There are still some explicit biases in letting some states go first every time, and—as proposed to the RNC in 2008, at least—the Delaware Plan would preserve Iowa's and New Hampshire's first-in-the-nation status.

Still, that's a step in the right direction. Clustering states into a series of primaries so that, for example, 10 states vote at a time in five sets of elections with each election separated by a month, would prevent any one outcome (or any one major screw-up) from defining the first step in the nominating process. It would also create a more dynamic competition by forcing campaigns to make strategic choices—instead of spending months focused on Iowa and New Hampshire, candidates would have to put their chips in a variety of places for the first round of voting.

The process could be made even more fair if the clusters of states are chosen by lottery. That was the basis of a bipartisan idea pitched by Debbie Dingell, the wife of late Democratic Michigan congressman John Dingell, and Saul Anuzis, then-chairman of the Michigan GOP.

Under the Anuzis-Dingell Plan, the 50 states would be sorted into six geographic regions. A lottery would be held to determine which states would vote on each of five primary election dates, each separated by a month. Each date would include 10 states—with at least one state, and no more than four states, from each of the six geographic regions.

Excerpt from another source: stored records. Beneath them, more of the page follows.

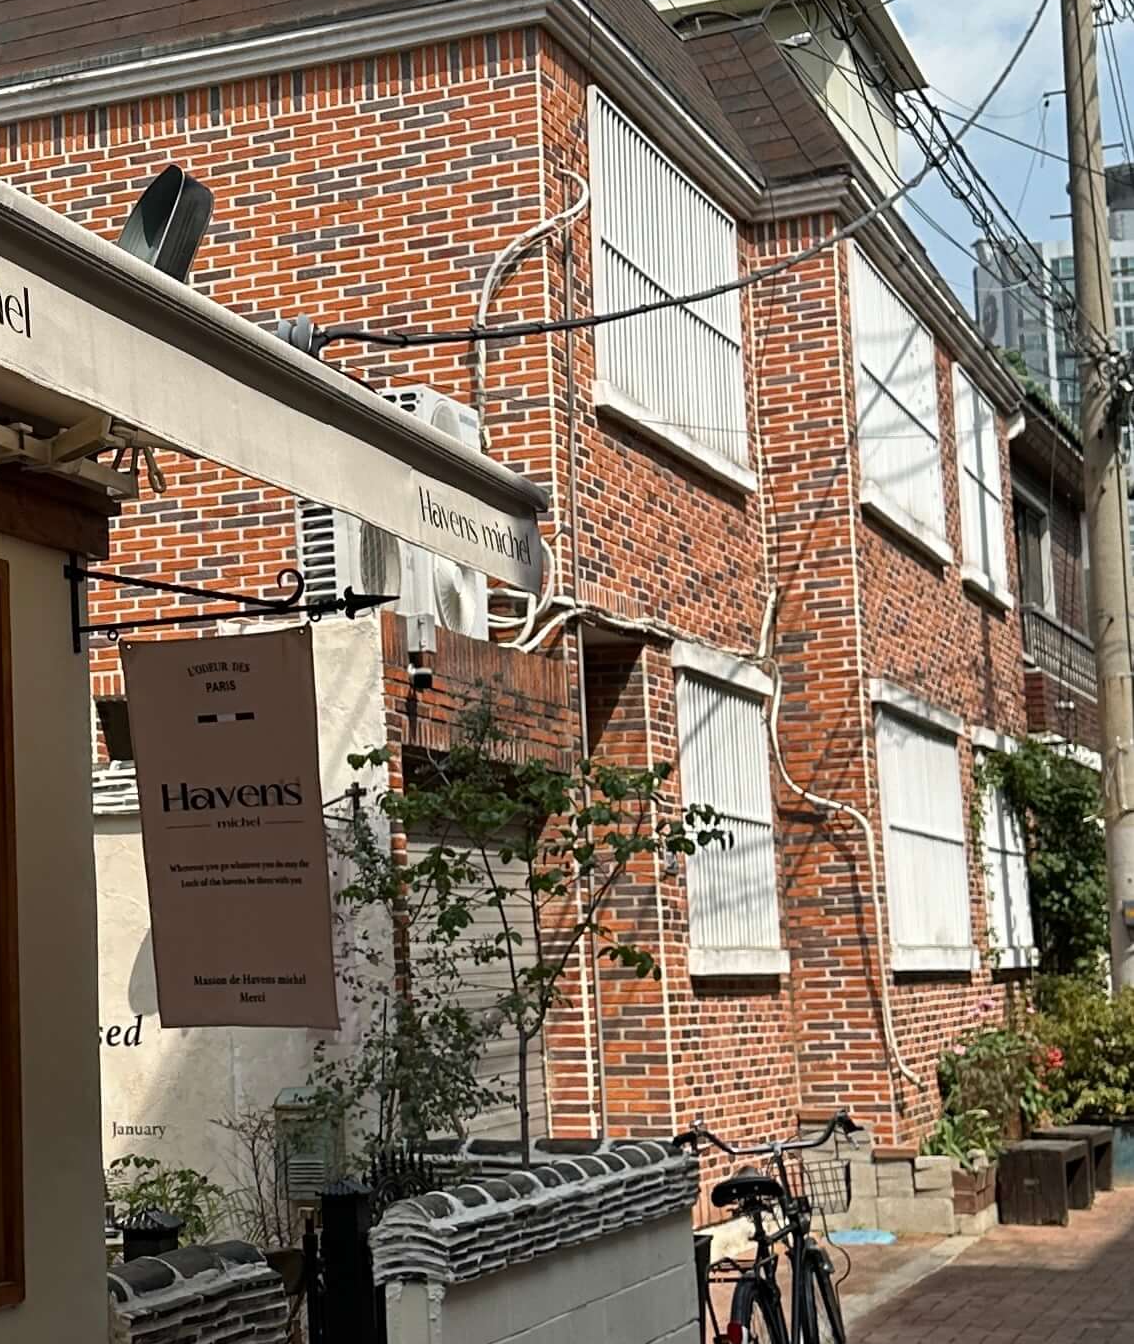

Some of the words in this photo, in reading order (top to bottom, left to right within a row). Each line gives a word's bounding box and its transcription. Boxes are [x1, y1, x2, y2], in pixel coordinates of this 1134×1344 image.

[418, 485, 479, 545] Havens
[481, 520, 532, 566] michel
[205, 679, 237, 693] PARIS
[161, 782, 303, 813] Havens
[217, 816, 261, 830] michel
[228, 973, 242, 985] de
[242, 973, 276, 985] Havens
[239, 992, 267, 1003] Merci
[111, 1121, 167, 1139] January

It's complicated, sure, but no more complicated than the current process. It would provide a different, randomized map for each primary season—forcing campaigns to adapt their opening messages for an audience that's bigger than a mere 240,000 voters in Iowa cycle after cycle.

The only real drawback to a major reform like one of these is that it would have to be imposed from the top down. The DNC or RNC would have to do some serious arm-twisting to get states like Iowa, New Hampshire, and South Carolina to agree to a system in which they lose their primo spots—and one in which they might end up being among the final states to vote. It would require overriding the state parties to a degree that might make the national committees (and should make libertarian-minded people) a little uncomfortable.

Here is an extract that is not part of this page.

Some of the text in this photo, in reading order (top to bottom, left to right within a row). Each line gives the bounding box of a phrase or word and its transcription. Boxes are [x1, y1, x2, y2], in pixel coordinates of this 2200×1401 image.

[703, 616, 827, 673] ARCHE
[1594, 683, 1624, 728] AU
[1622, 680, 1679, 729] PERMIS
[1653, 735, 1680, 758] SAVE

And these reforms would do nothing to fix the real problem at the heart of America's presidential election system: that the winner is given too much power—an outcome that raises the stakes of any procedural tinkering far higher than they should be.

It's unlikely that there's any flawless presidential primary system. Still, last night's debacle in Iowa should stoke a real conversation about creating a more sensible and fair nominating process before 2024.